[Work order] Leave out all pictures while repeating the records exactly and completely.

[Exercise inputs]
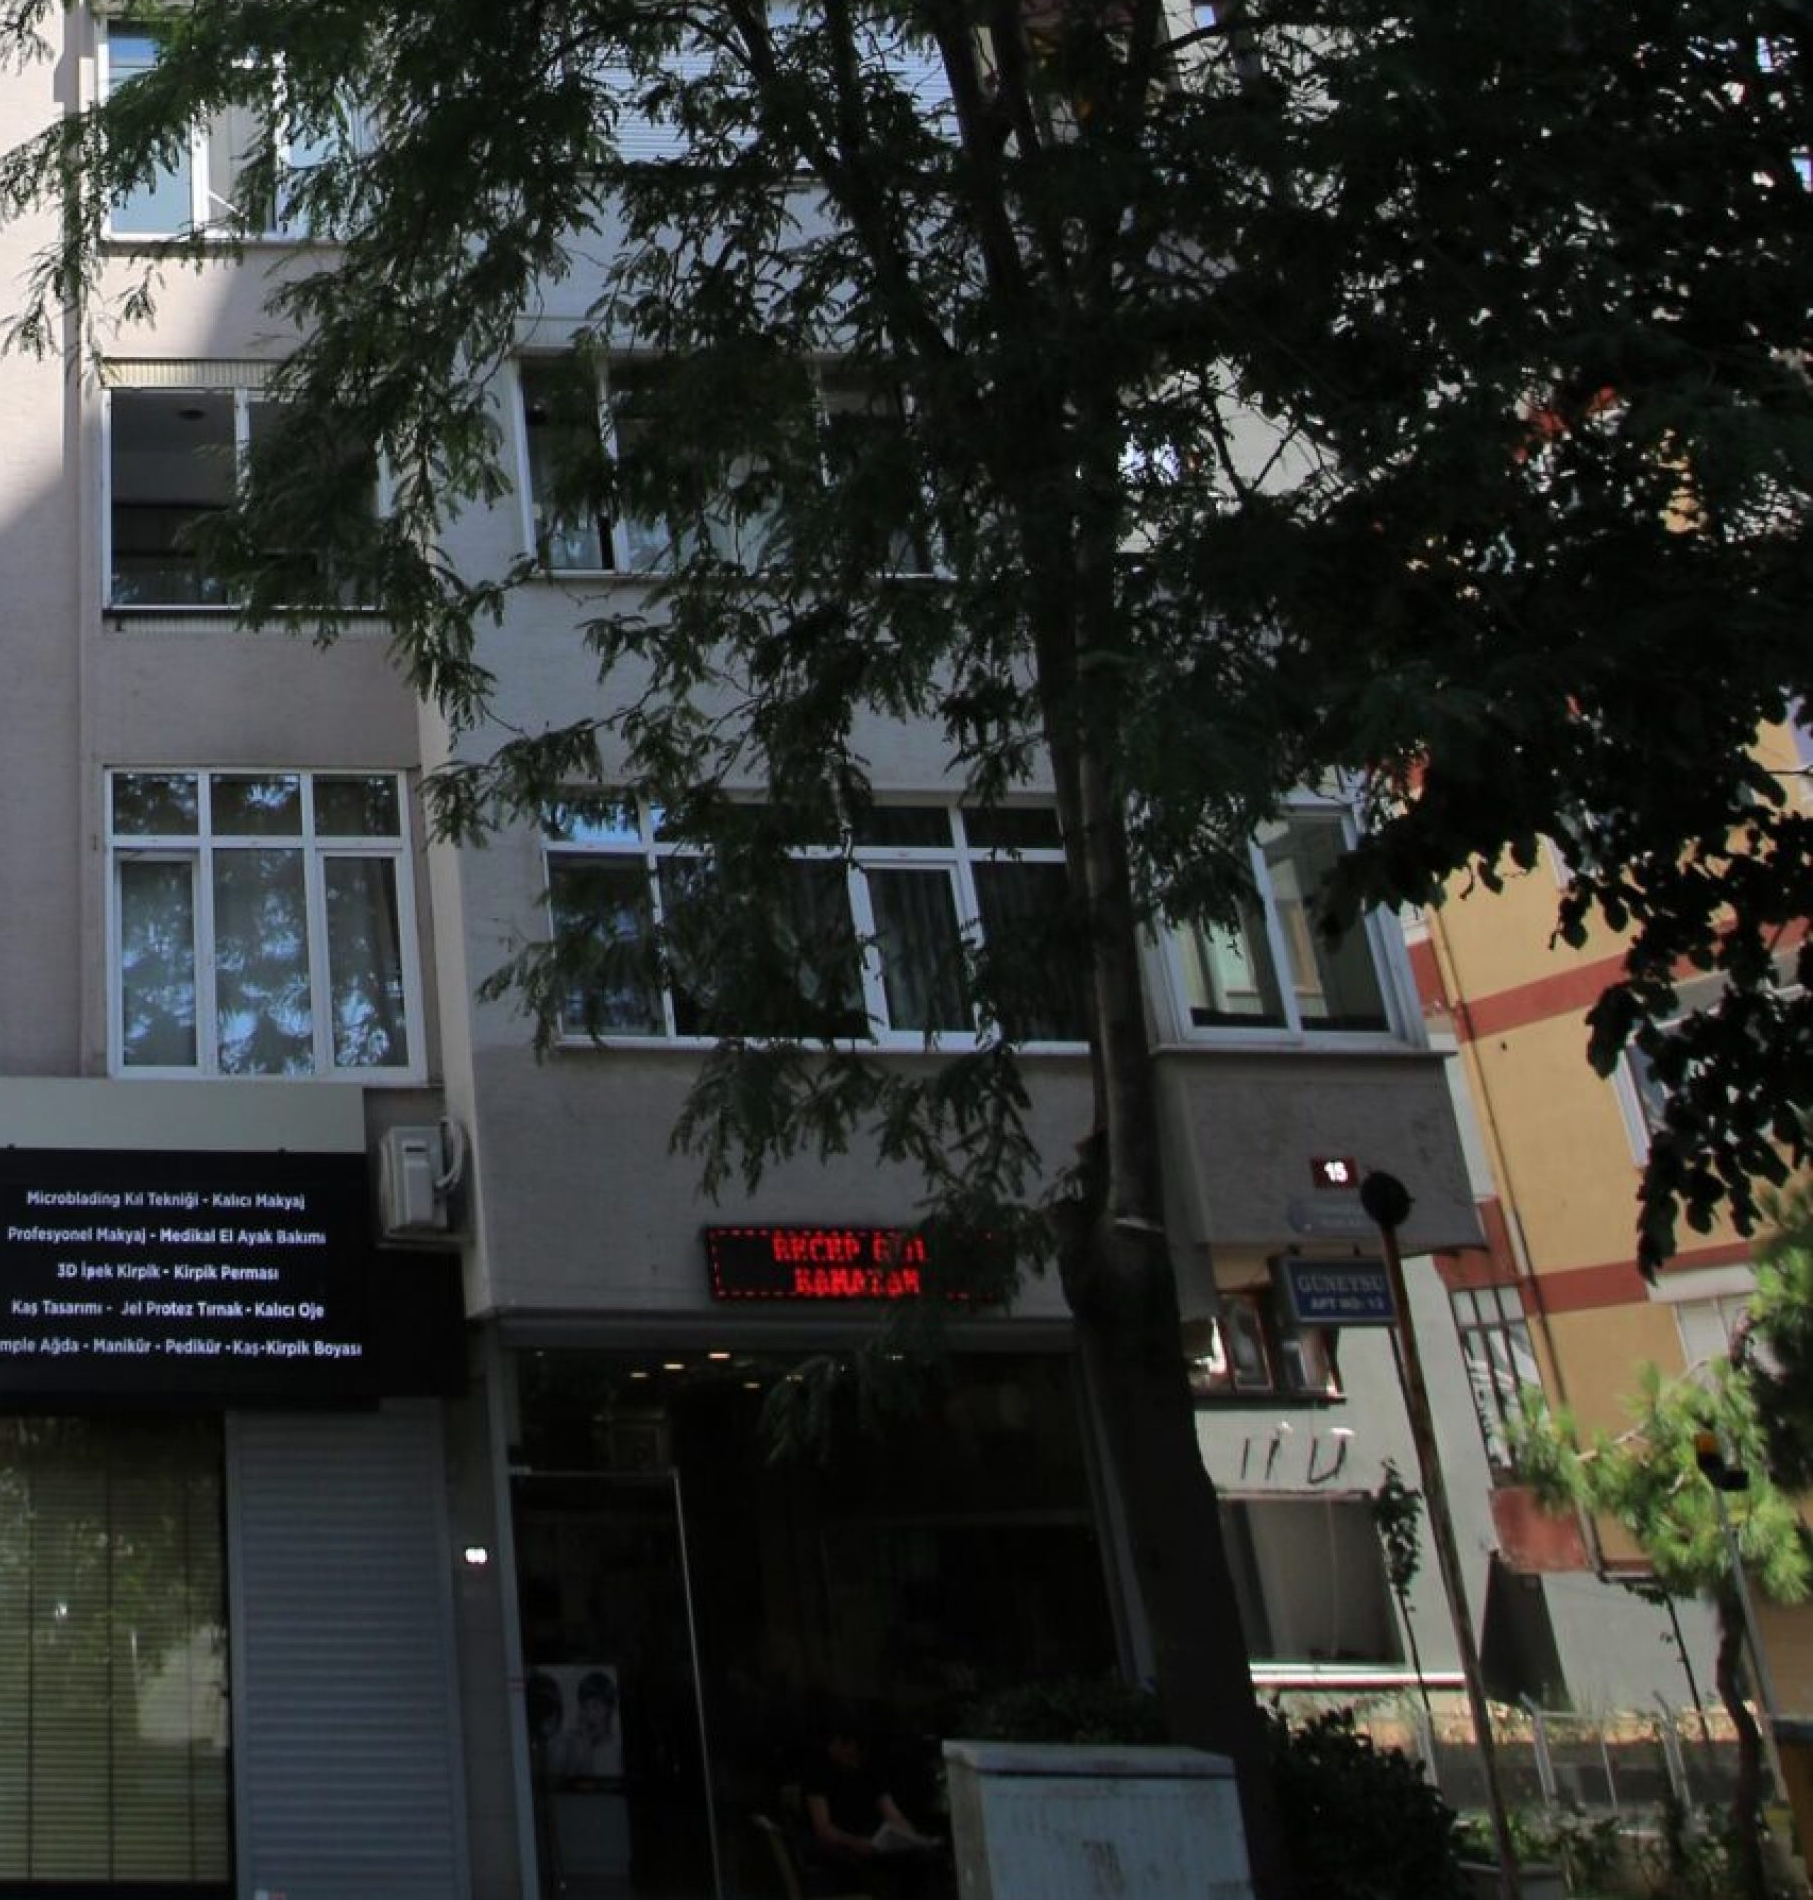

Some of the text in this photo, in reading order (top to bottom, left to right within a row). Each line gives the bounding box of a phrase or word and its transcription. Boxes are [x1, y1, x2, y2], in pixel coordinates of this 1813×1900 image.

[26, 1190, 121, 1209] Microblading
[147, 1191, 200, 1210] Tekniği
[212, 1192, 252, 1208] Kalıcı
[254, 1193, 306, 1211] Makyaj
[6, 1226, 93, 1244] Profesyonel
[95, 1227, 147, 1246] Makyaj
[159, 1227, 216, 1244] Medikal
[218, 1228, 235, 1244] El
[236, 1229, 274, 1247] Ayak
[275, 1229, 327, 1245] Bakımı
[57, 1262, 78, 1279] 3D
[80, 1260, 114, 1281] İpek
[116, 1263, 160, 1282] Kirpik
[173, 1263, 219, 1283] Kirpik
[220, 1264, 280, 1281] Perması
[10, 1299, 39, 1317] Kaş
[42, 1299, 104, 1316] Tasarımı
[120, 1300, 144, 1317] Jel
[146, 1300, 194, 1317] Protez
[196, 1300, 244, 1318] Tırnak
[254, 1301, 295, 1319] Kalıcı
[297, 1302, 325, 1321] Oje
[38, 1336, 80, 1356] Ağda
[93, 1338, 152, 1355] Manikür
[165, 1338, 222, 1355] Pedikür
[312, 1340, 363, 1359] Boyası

[Task solution]
Some of the text in this photo, in reading order (top to bottom, left to right within a row). Each line gives the bounding box of a phrase or word and its transcription. Boxes are [x1, y1, x2, y2], in pixel coordinates of this 1813×1900 image.

[26, 1190, 121, 1209] Microblading
[147, 1191, 200, 1210] Tekniği
[212, 1192, 252, 1208] Kalıcı
[254, 1193, 306, 1211] Makyaj
[6, 1226, 93, 1244] Profesyonel
[95, 1227, 147, 1246] Makyaj
[159, 1227, 216, 1244] Medikal
[218, 1228, 235, 1244] El
[236, 1229, 274, 1247] Ayak
[275, 1229, 327, 1245] Bakımı
[57, 1262, 78, 1279] 3D
[80, 1260, 114, 1281] İpek
[116, 1263, 160, 1282] Kirpik
[173, 1263, 219, 1283] Kirpik
[220, 1264, 280, 1281] Perması
[10, 1299, 39, 1317] Kaş
[42, 1299, 104, 1316] Tasarımı
[120, 1300, 144, 1317] Jel
[146, 1300, 194, 1317] Protez
[196, 1300, 244, 1318] Tırnak
[254, 1301, 295, 1319] Kalıcı
[297, 1302, 325, 1321] Oje
[38, 1336, 80, 1356] Ağda
[93, 1338, 152, 1355] Manikür
[165, 1338, 222, 1355] Pedikür
[312, 1340, 363, 1359] Boyası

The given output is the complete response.